(Collected data entries)
================

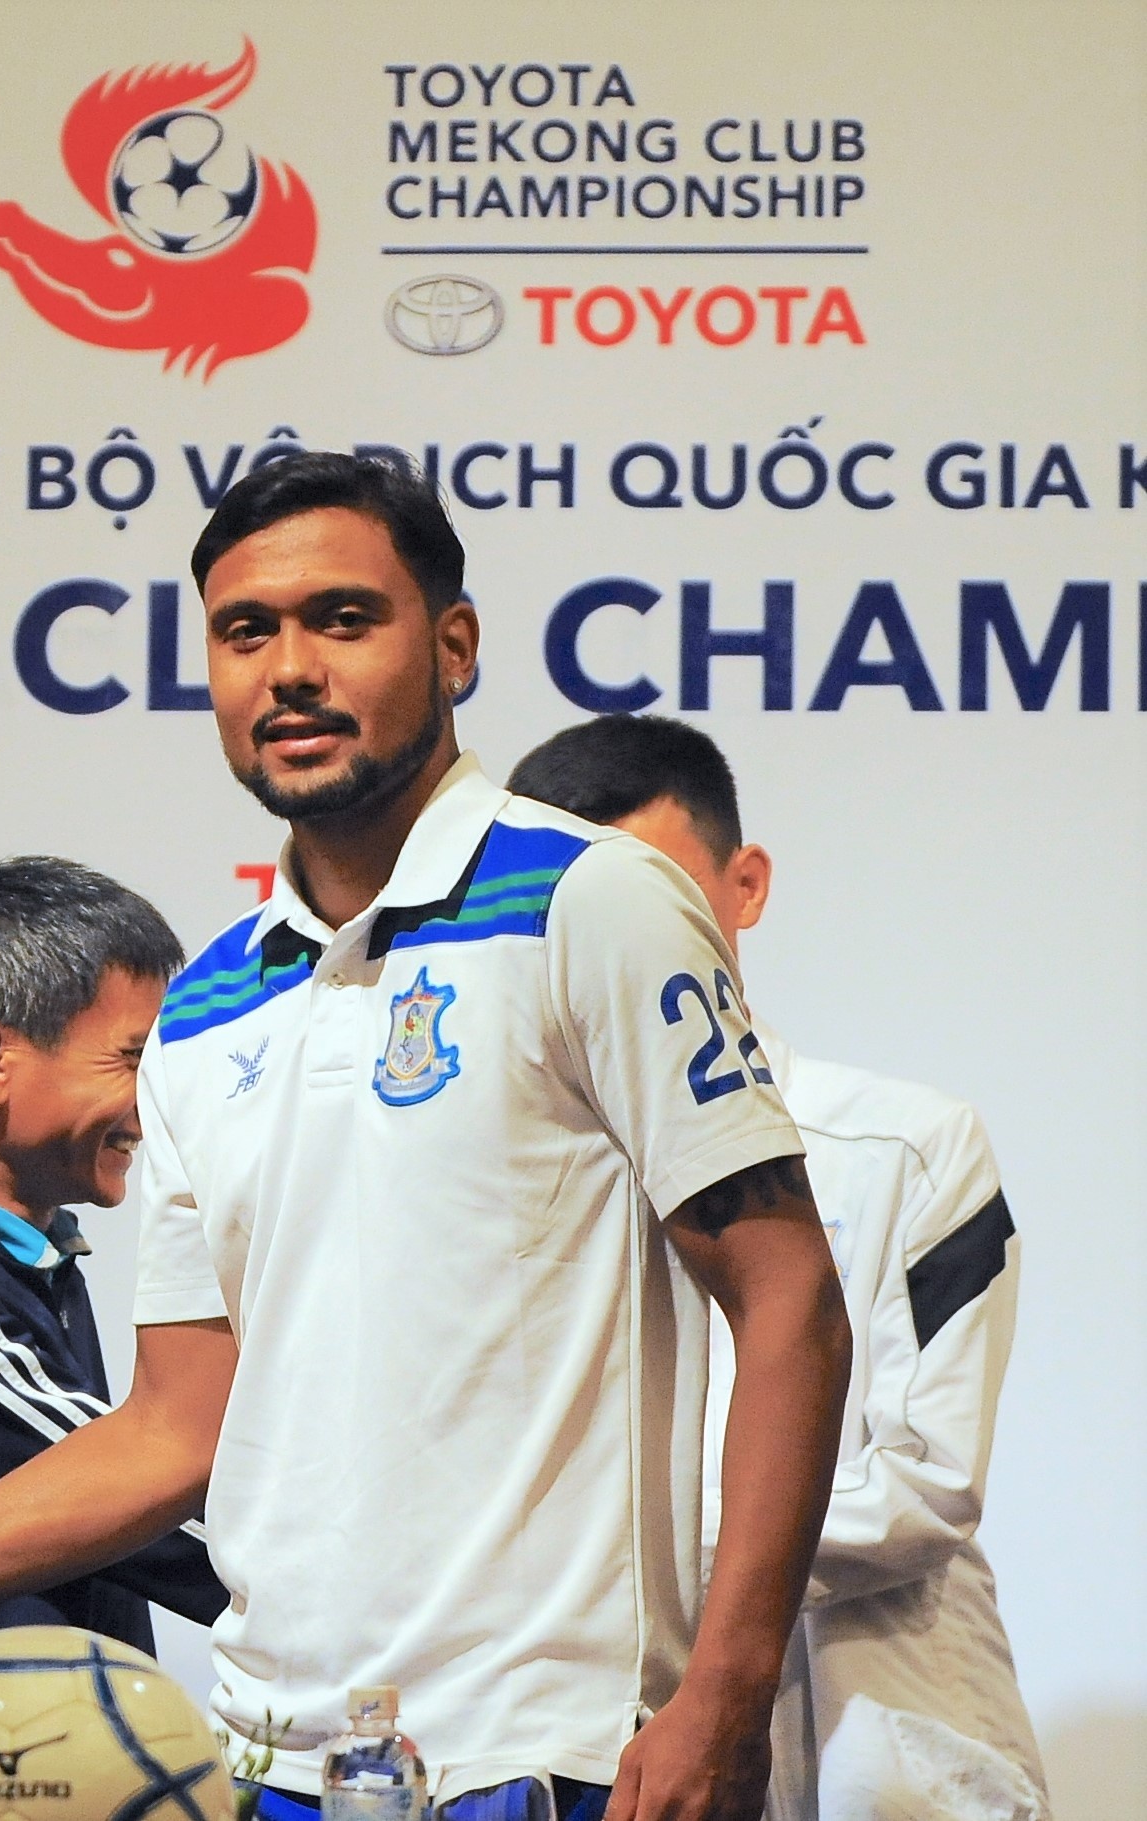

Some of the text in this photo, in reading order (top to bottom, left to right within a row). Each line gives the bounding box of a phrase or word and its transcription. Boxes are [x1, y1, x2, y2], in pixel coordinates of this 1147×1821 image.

[385, 64, 636, 109] TOYOTA
[388, 119, 867, 165] MEKONG CLUB
[386, 175, 867, 221] CHAMPIONSHIP
[523, 286, 867, 347] TOYOTA
[27, 426, 157, 533] BỘ
[609, 416, 898, 511] QUỐC
[925, 443, 1091, 511] GIA

================

◆ Task description ◆
Quote all of the entries word for word, omitting any pictures.

◆ Written response ◆
Some of the text in this photo, in reading order (top to bottom, left to right within a row). Each line gives the bounding box of a phrase or word and its transcription. Boxes are [x1, y1, x2, y2], in pixel coordinates of this 1147×1821 image.

[385, 64, 636, 109] TOYOTA
[388, 119, 867, 165] MEKONG CLUB
[386, 175, 867, 221] CHAMPIONSHIP
[523, 286, 867, 347] TOYOTA
[27, 426, 157, 533] BỘ
[609, 416, 898, 511] QUỐC
[925, 443, 1091, 511] GIA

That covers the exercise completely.